[Entries taken from a collection]
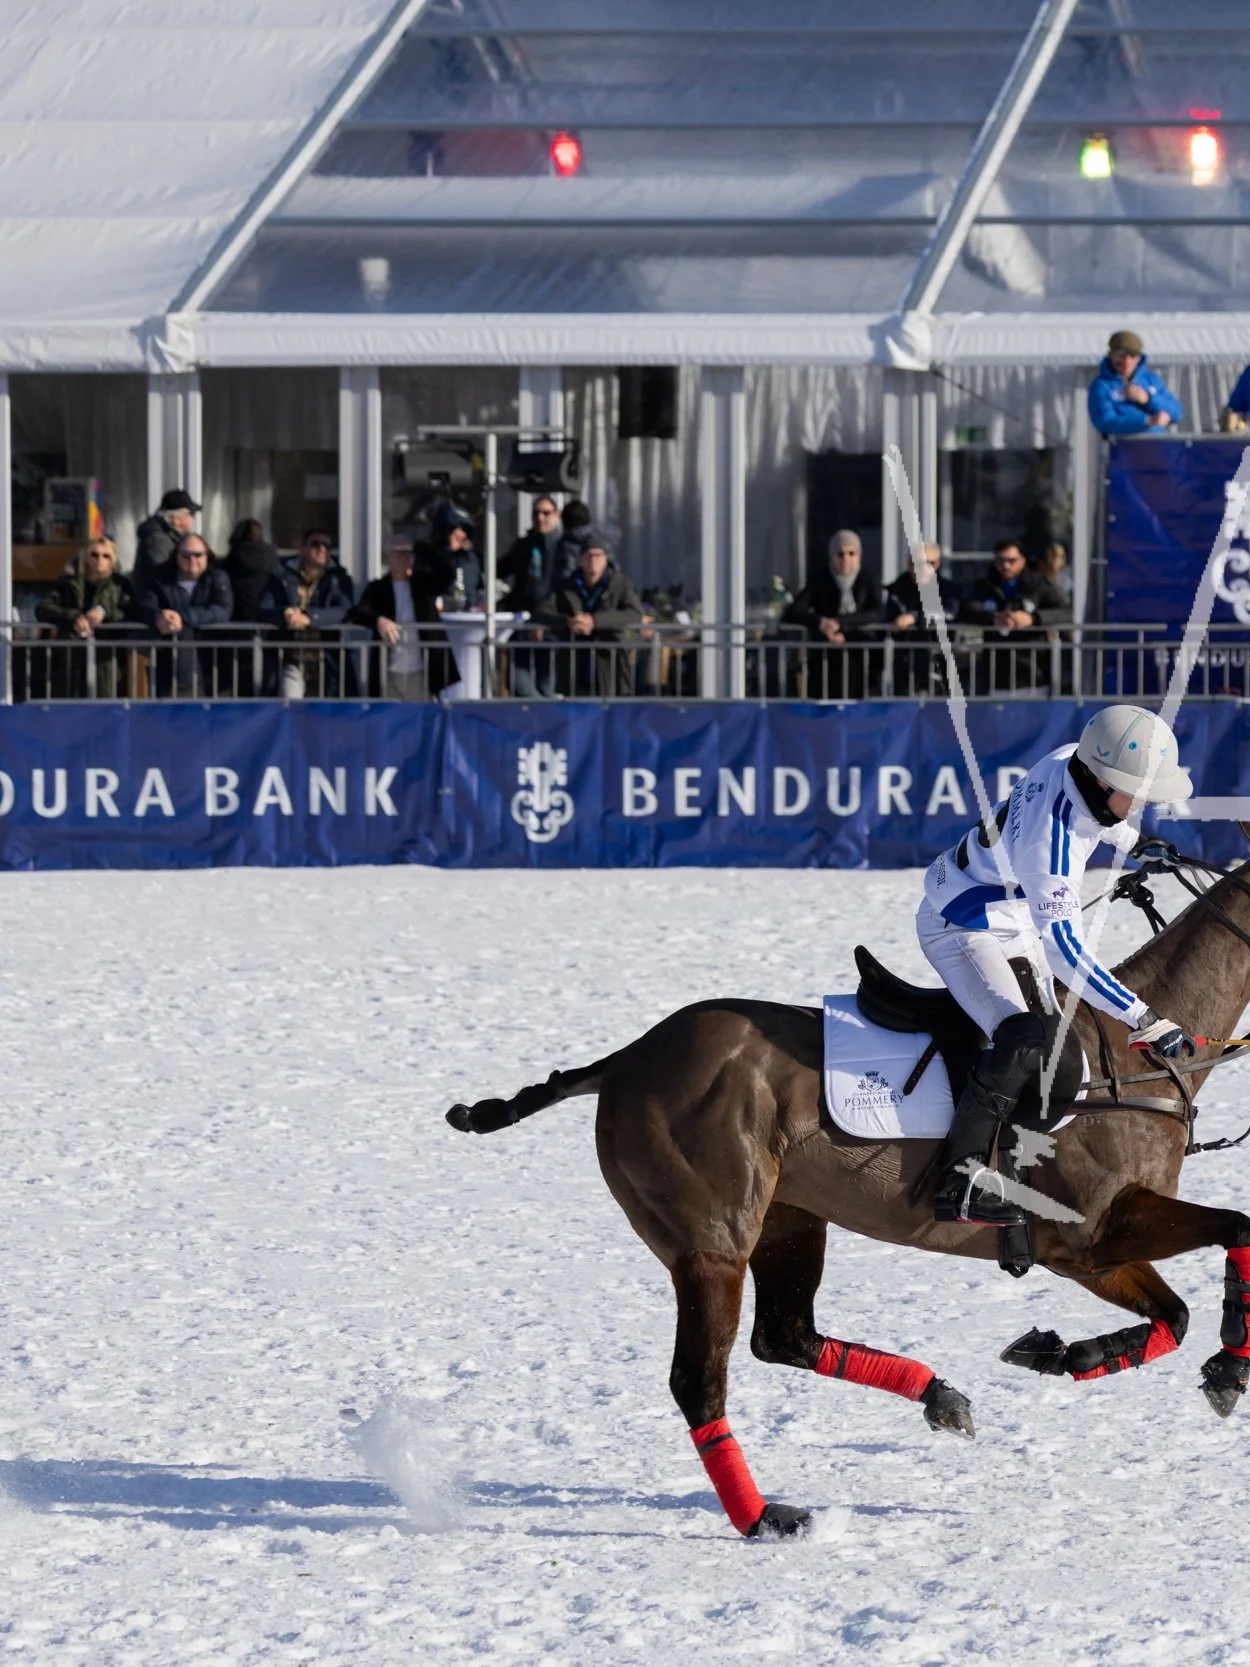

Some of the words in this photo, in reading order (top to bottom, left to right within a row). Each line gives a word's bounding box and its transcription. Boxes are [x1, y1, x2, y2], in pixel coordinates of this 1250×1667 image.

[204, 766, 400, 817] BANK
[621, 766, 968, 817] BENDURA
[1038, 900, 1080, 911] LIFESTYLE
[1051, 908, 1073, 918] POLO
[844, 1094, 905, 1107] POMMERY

◆ PROBLEM TO SOLVE:
The answer is the complete set of records, copied exactly, with pictures omitted.

◆ SOLUTION TO THIS TASK:
Some of the words in this photo, in reading order (top to bottom, left to right within a row). Each line gives a word's bounding box and its transcription. Boxes are [x1, y1, x2, y2], in pixel coordinates of this 1250×1667 image.

[204, 766, 400, 817] BANK
[621, 766, 968, 817] BENDURA
[1038, 900, 1080, 911] LIFESTYLE
[1051, 908, 1073, 918] POLO
[844, 1094, 905, 1107] POMMERY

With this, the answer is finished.